What needs to be done:
Copy out all of the data word for word. Omit every picture.

Excerpted records:
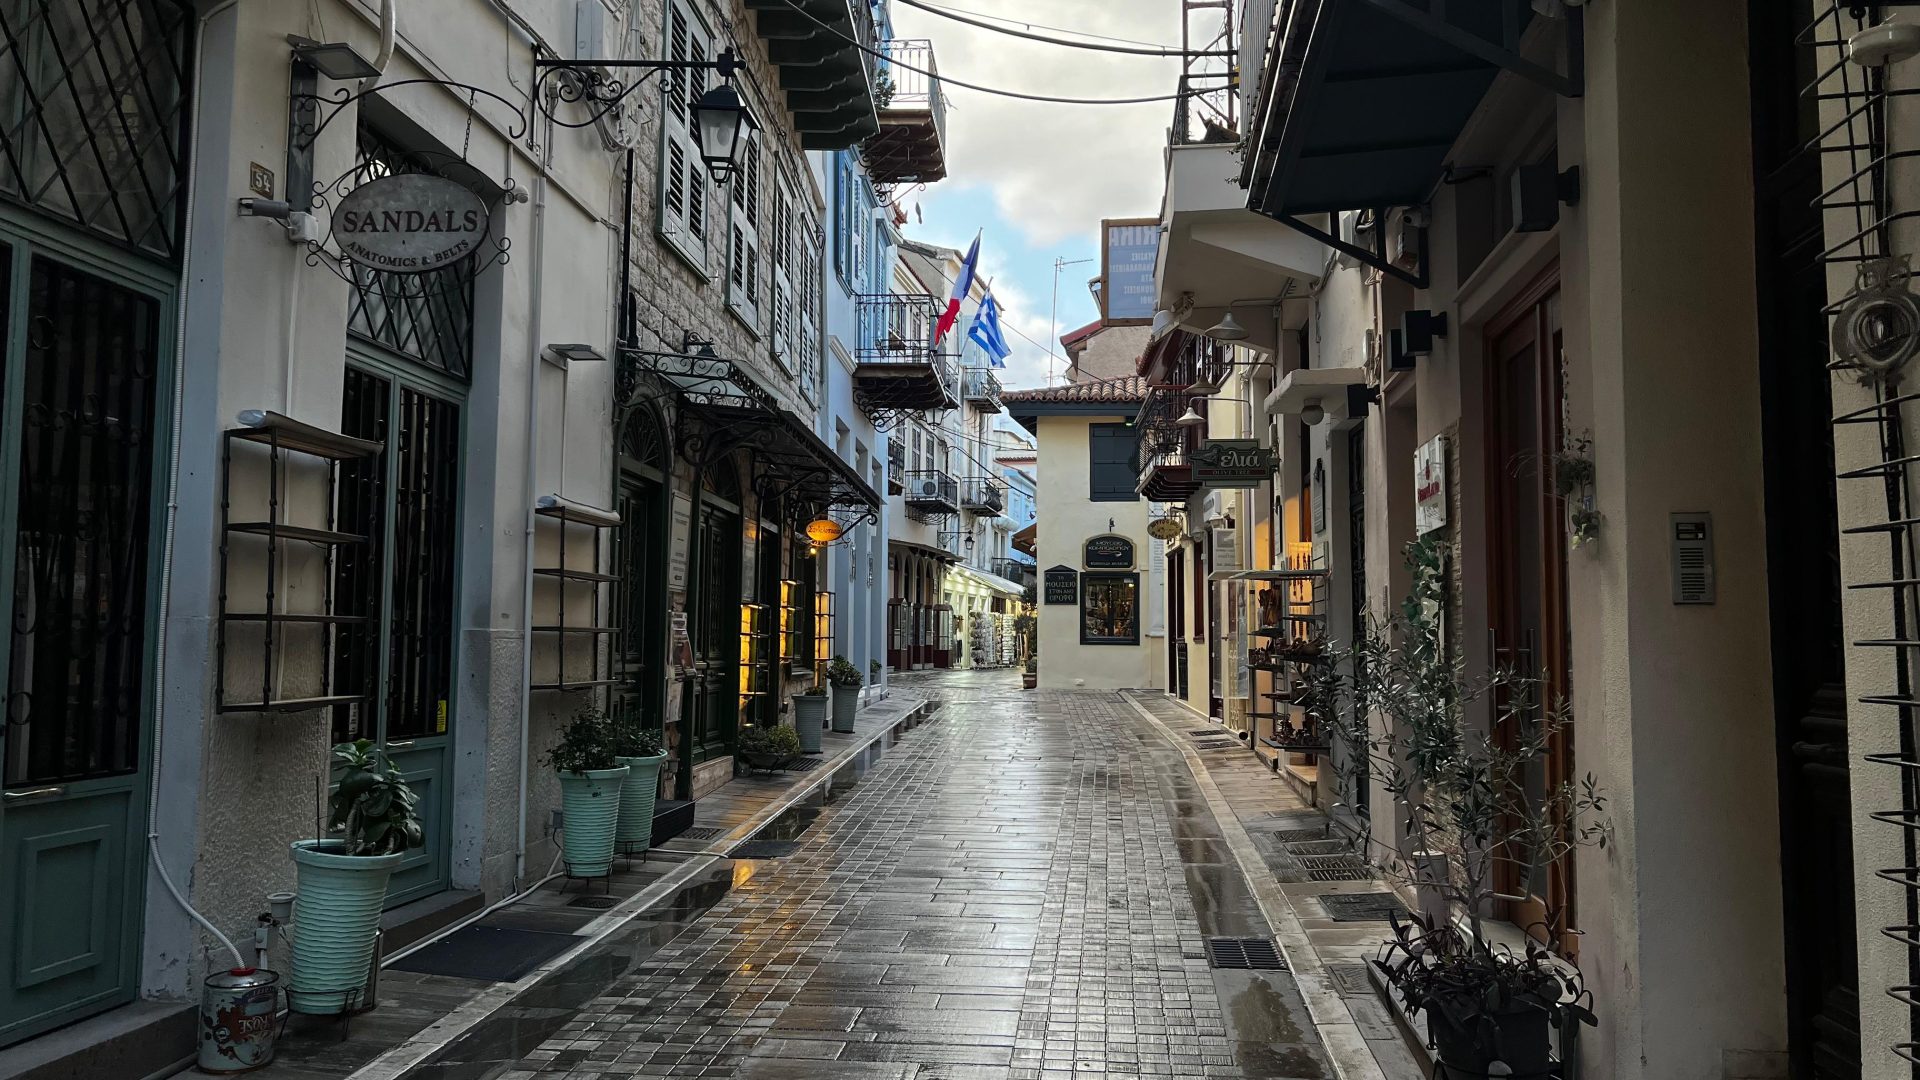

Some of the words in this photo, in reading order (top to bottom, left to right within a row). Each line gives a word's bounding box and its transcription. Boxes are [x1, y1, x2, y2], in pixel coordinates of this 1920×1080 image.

[255, 172, 271, 193] 54
[342, 210, 478, 233] SANDALS
[347, 241, 417, 267] ANATOMICS
[421, 256, 430, 266] &
[435, 239, 469, 262] BELTS
[1220, 450, 1261, 468] ελιά
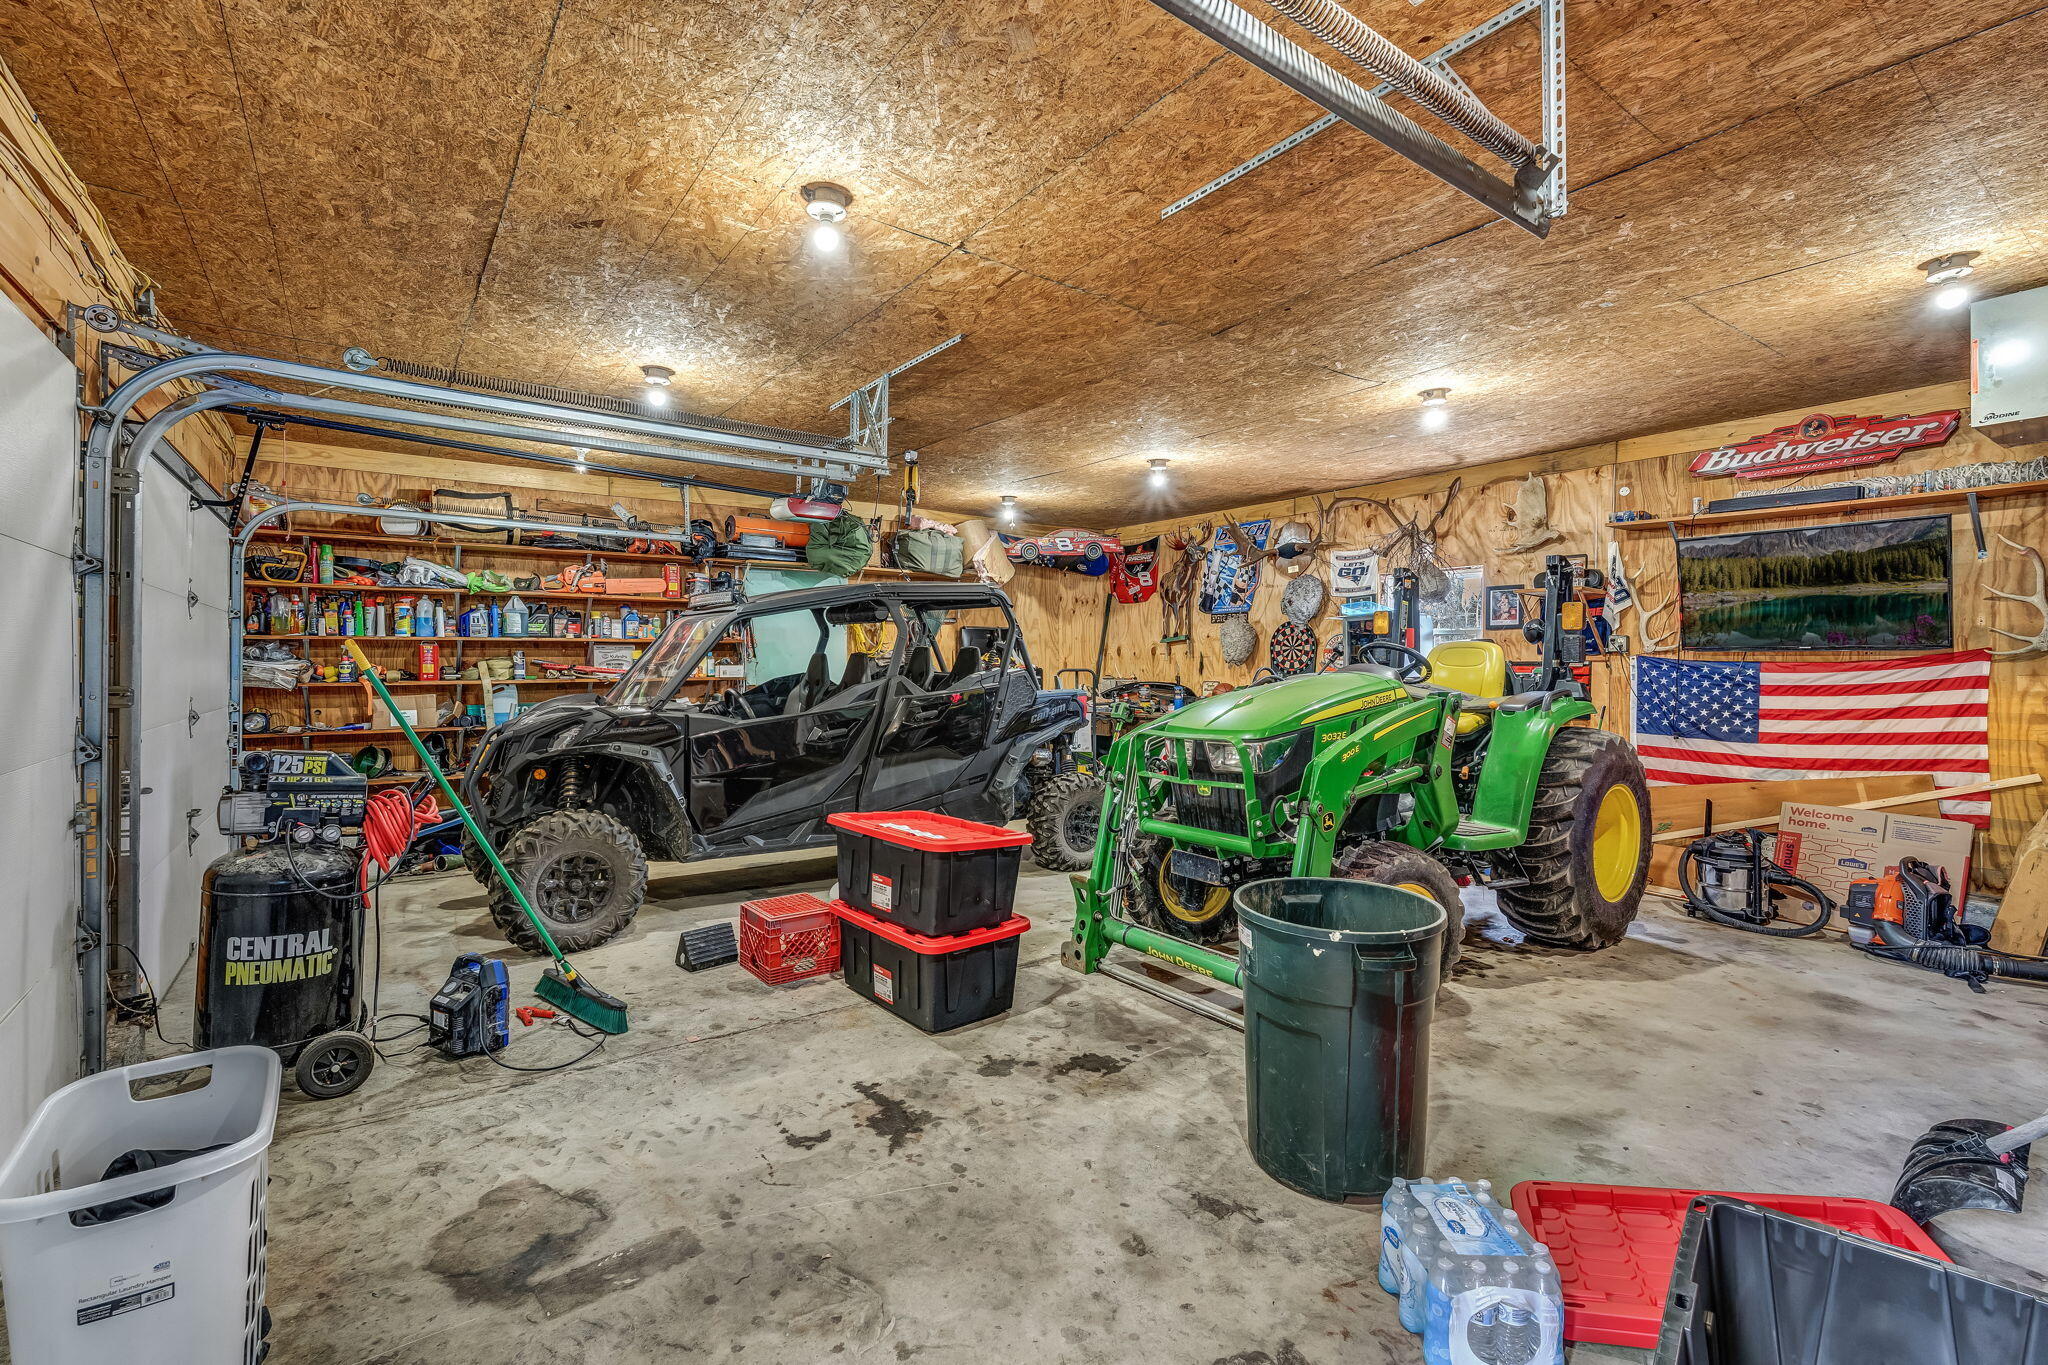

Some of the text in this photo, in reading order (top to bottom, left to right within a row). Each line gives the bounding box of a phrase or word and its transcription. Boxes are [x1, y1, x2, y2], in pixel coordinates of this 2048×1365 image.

[1982, 411, 2021, 421] MODINE
[1696, 421, 1944, 473] Budweiser
[1843, 454, 1876, 464] LAGER
[1055, 537, 1074, 551] 8
[1337, 565, 1370, 577] GO!
[1137, 571, 1153, 587] 8
[1360, 693, 1393, 710] JOHN DEERE
[1321, 731, 1347, 743] 3032E
[271, 754, 304, 775] 125
[303, 760, 328, 775] PSI
[1789, 806, 1854, 823] Welcome
[1788, 816, 1830, 831] home.
[1784, 843, 1795, 871] small
[1840, 858, 1866, 869] LOWE'S
[226, 928, 333, 961] CENTRAL
[1146, 945, 1214, 977] JOHN DEERE
[78, 1290, 118, 1304] Rectangular
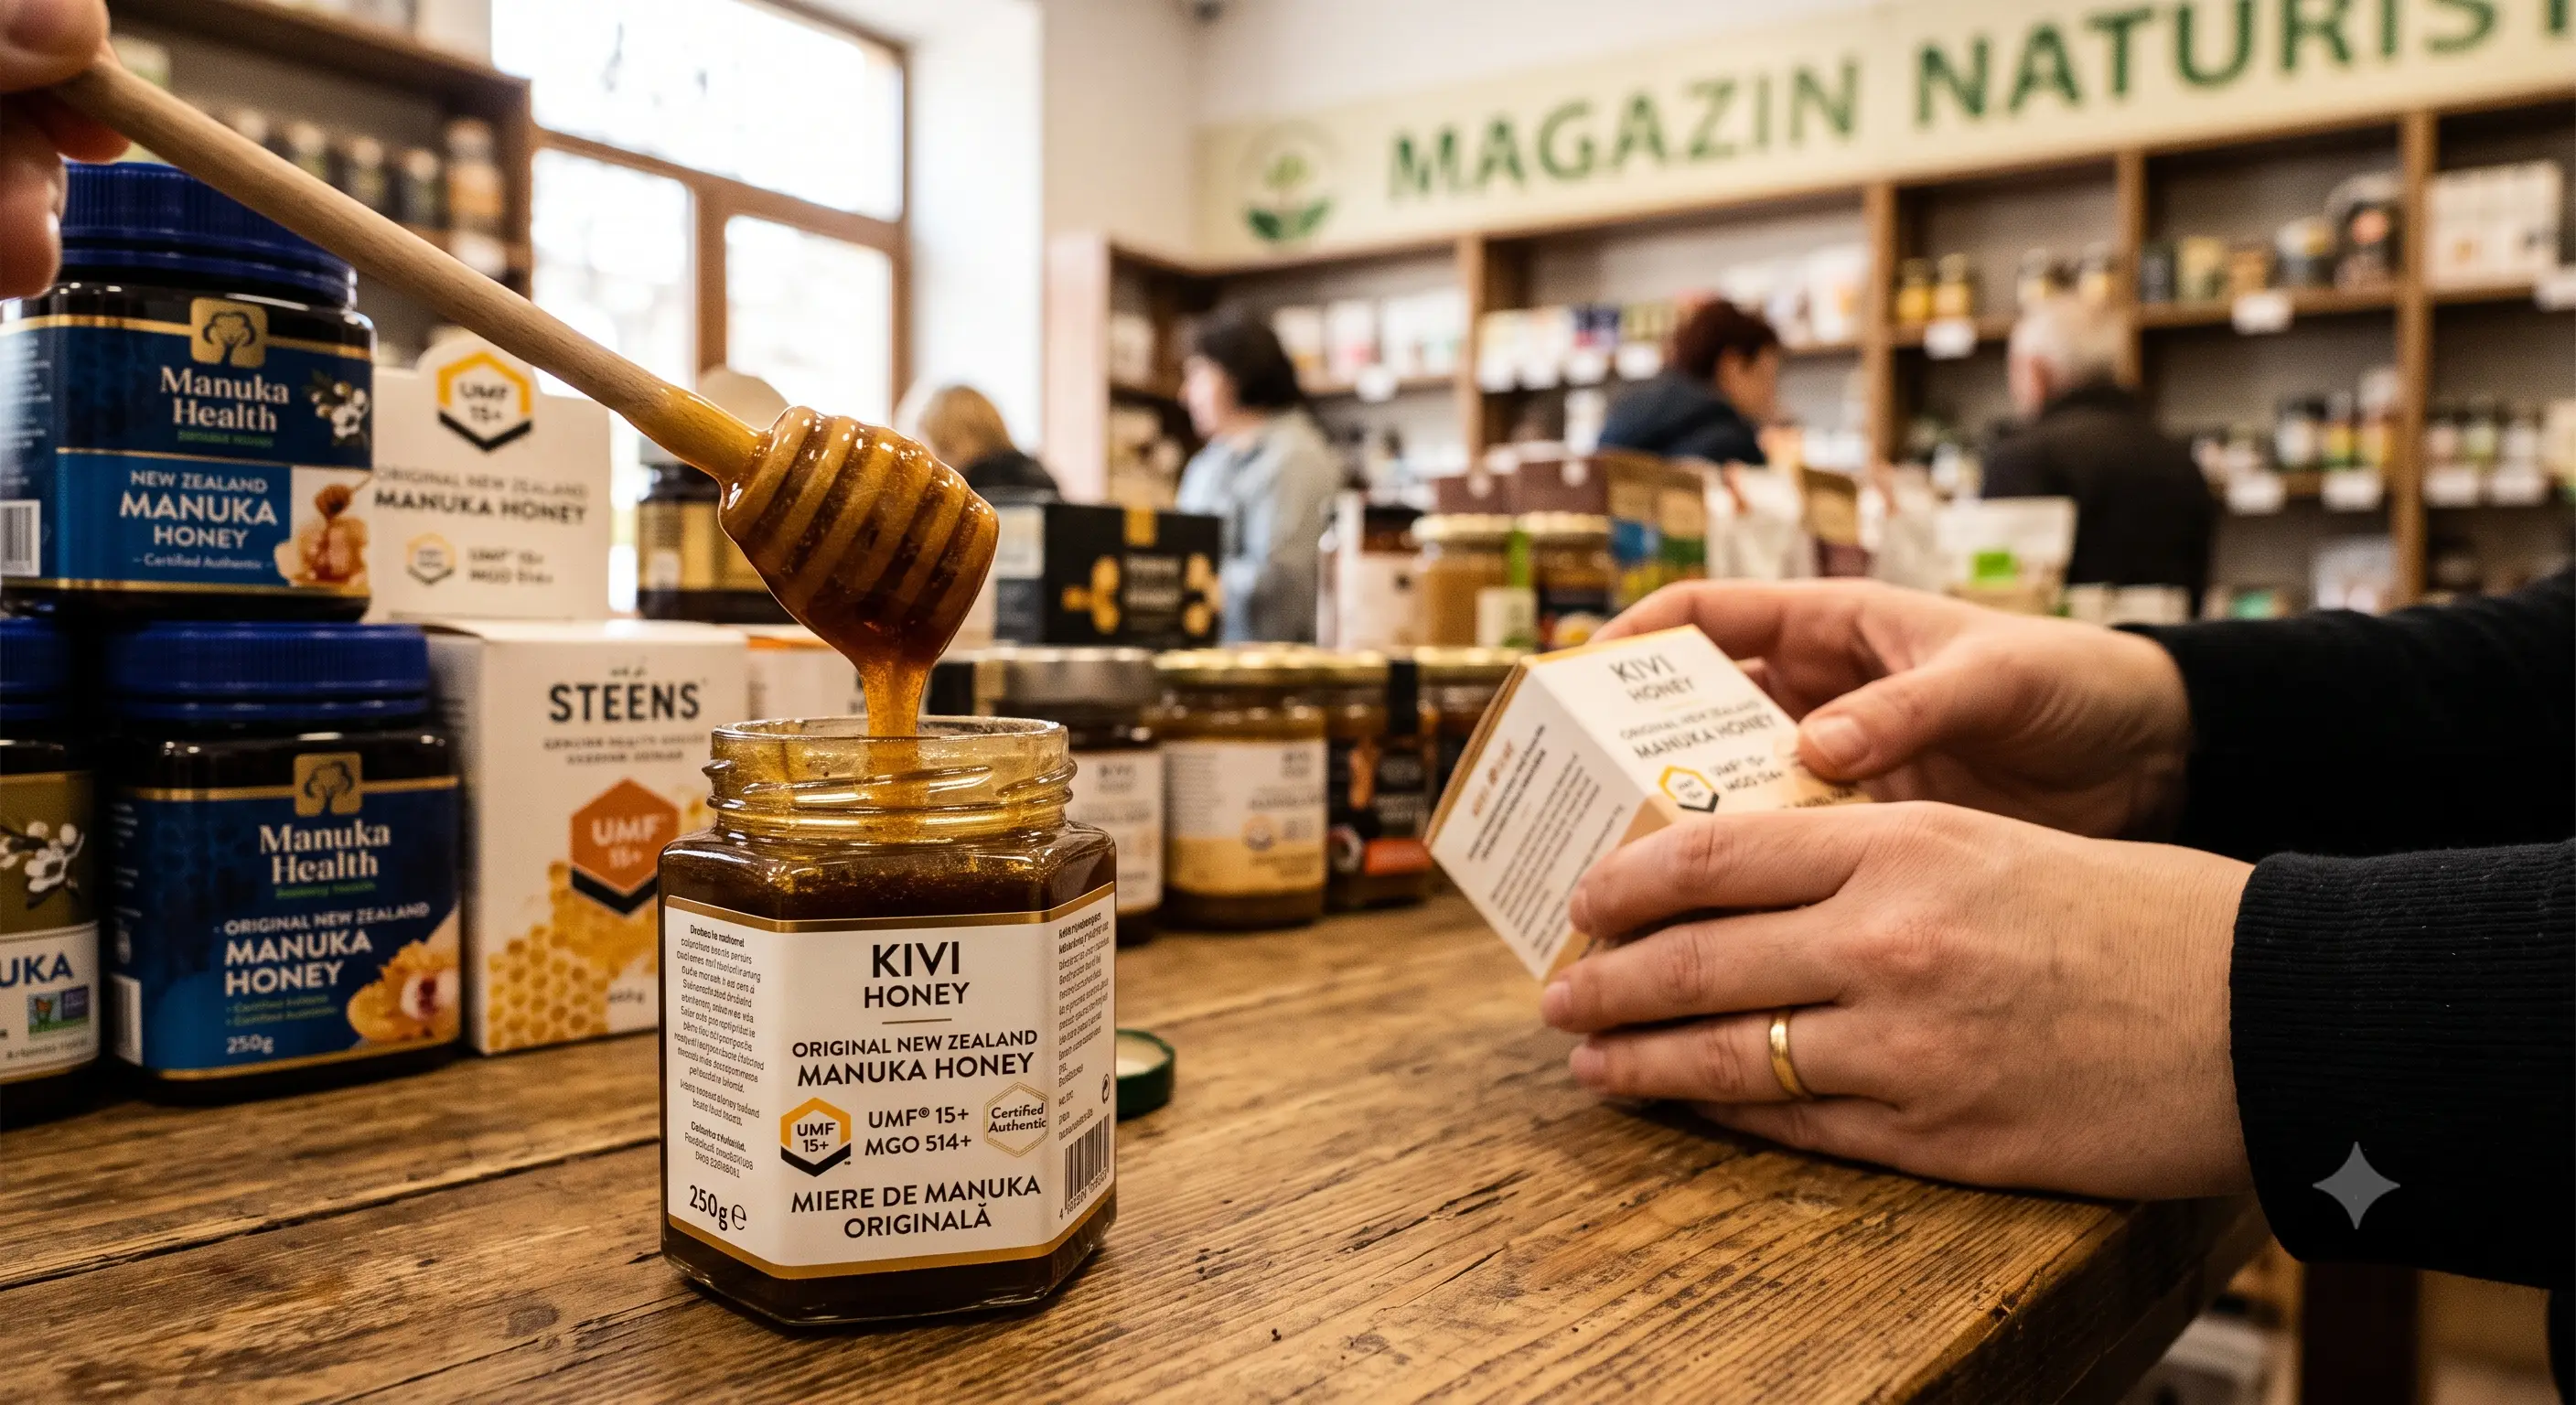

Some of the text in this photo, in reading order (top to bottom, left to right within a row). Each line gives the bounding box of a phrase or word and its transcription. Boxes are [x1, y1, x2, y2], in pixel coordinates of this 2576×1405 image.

Reply:
Some of the words in this photo, in reading order (top to bottom, left to right within a row). Each line gives a word's bounding box and its transcription. Boxes are [x1, y1, x2, y2], in pixel coordinates of this 1920×1080 image.

[255, 172, 271, 193] 54
[342, 210, 478, 233] SANDALS
[347, 241, 417, 267] ANATOMICS
[421, 256, 430, 266] &
[435, 239, 469, 262] BELTS
[1220, 450, 1261, 468] ελιά

Some of the text in this photo, in reading order (top to bottom, left to right within a row). Each line gives the bounding box of a phrase or word and its transcription. Boxes are [x1, y1, x2, y2], in pixel coordinates of this 2048×1365 image.

[1982, 411, 2021, 421] MODINE
[1696, 421, 1944, 473] Budweiser
[1843, 454, 1876, 464] LAGER
[1055, 537, 1074, 551] 8
[1337, 565, 1370, 577] GO!
[1137, 571, 1153, 587] 8
[1360, 693, 1393, 710] JOHN DEERE
[1321, 731, 1347, 743] 3032E
[271, 754, 304, 775] 125
[303, 760, 328, 775] PSI
[1789, 806, 1854, 823] Welcome
[1788, 816, 1830, 831] home.
[1784, 843, 1795, 871] small
[1840, 858, 1866, 869] LOWE'S
[226, 928, 333, 961] CENTRAL
[1146, 945, 1214, 977] JOHN DEERE
[78, 1290, 118, 1304] Rectangular

Some of the text in this photo, in reading order (top to bottom, left to right within a row). Each line gives the bounding box of a phrase or word and its transcription. Boxes are [x1, y1, x2, y2], in pixel coordinates of this 2576×1405 image.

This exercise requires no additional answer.